[HOW TO COMPLETE THIS TASK] Retype every record below exactly as it appears.

[THE DATA]
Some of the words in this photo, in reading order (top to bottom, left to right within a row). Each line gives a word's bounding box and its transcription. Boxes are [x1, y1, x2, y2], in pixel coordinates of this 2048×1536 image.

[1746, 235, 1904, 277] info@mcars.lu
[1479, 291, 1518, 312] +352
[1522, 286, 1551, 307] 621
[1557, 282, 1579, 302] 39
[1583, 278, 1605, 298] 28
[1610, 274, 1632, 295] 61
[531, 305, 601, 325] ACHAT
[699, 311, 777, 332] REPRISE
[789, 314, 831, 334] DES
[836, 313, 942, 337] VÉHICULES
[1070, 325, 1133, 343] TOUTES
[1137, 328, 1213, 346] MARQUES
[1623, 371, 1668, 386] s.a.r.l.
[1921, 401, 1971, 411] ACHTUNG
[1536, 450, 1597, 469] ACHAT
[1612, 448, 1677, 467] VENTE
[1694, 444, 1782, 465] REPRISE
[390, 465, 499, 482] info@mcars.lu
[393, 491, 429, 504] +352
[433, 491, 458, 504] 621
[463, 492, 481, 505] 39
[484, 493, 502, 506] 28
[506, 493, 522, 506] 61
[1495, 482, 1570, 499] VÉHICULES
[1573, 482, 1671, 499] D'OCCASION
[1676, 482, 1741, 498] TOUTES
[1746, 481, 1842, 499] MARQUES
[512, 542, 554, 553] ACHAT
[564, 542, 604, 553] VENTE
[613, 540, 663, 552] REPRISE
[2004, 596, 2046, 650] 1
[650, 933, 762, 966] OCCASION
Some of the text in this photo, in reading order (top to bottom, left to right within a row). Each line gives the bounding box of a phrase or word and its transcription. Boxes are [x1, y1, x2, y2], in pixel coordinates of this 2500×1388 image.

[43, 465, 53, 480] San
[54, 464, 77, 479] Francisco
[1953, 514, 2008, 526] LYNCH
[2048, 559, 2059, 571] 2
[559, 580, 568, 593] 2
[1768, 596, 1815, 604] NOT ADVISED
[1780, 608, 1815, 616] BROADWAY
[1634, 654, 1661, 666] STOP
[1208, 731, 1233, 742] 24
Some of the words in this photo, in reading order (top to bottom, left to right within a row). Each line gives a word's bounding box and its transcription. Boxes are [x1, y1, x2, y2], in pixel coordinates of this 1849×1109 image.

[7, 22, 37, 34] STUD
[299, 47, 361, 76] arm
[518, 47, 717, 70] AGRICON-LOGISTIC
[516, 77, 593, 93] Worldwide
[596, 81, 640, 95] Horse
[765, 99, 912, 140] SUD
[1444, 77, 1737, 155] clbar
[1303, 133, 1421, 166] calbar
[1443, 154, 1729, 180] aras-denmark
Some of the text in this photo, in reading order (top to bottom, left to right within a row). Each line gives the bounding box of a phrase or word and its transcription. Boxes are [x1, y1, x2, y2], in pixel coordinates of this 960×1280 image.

[EXPECTED ANSWER]
Some of the words in this photo, in reading order (top to bottom, left to right within a row). Each line gives a word's bounding box and its transcription. Boxes are [x1, y1, x2, y2], in pixel coordinates of this 2048×1536 image.

[1746, 235, 1904, 277] info@mcars.lu
[1479, 291, 1518, 312] +352
[1522, 286, 1551, 307] 621
[1557, 282, 1579, 302] 39
[1583, 278, 1605, 298] 28
[1610, 274, 1632, 295] 61
[531, 305, 601, 325] ACHAT
[699, 311, 777, 332] REPRISE
[789, 314, 831, 334] DES
[836, 313, 942, 337] VÉHICULES
[1070, 325, 1133, 343] TOUTES
[1137, 328, 1213, 346] MARQUES
[1623, 371, 1668, 386] s.a.r.l.
[1921, 401, 1971, 411] ACHTUNG
[1536, 450, 1597, 469] ACHAT
[1612, 448, 1677, 467] VENTE
[1694, 444, 1782, 465] REPRISE
[390, 465, 499, 482] info@mcars.lu
[393, 491, 429, 504] +352
[433, 491, 458, 504] 621
[463, 492, 481, 505] 39
[484, 493, 502, 506] 28
[506, 493, 522, 506] 61
[1495, 482, 1570, 499] VÉHICULES
[1573, 482, 1671, 499] D'OCCASION
[1676, 482, 1741, 498] TOUTES
[1746, 481, 1842, 499] MARQUES
[512, 542, 554, 553] ACHAT
[564, 542, 604, 553] VENTE
[613, 540, 663, 552] REPRISE
[2004, 596, 2046, 650] 1
[650, 933, 762, 966] OCCASION
Some of the text in this photo, in reading order (top to bottom, left to right within a row). Each line gives the bounding box of a phrase or word and its transcription. Boxes are [x1, y1, x2, y2], in pixel coordinates of this 2500×1388 image.

[43, 465, 53, 480] San
[54, 464, 77, 479] Francisco
[1953, 514, 2008, 526] LYNCH
[2048, 559, 2059, 571] 2
[559, 580, 568, 593] 2
[1768, 596, 1815, 604] NOT ADVISED
[1780, 608, 1815, 616] BROADWAY
[1634, 654, 1661, 666] STOP
[1208, 731, 1233, 742] 24
Some of the words in this photo, in reading order (top to bottom, left to right within a row). Each line gives a word's bounding box and its transcription. Boxes are [x1, y1, x2, y2], in pixel coordinates of this 1849×1109 image.

[7, 22, 37, 34] STUD
[299, 47, 361, 76] arm
[518, 47, 717, 70] AGRICON-LOGISTIC
[516, 77, 593, 93] Worldwide
[596, 81, 640, 95] Horse
[765, 99, 912, 140] SUD
[1444, 77, 1737, 155] clbar
[1303, 133, 1421, 166] calbar
[1443, 154, 1729, 180] aras-denmark
Some of the text in this photo, in reading order (top to bottom, left to right within a row). Each line gives the bounding box of a phrase or word and its transcription. Boxes are [x1, y1, x2, y2], in pixel coordinates of this 960×1280 image.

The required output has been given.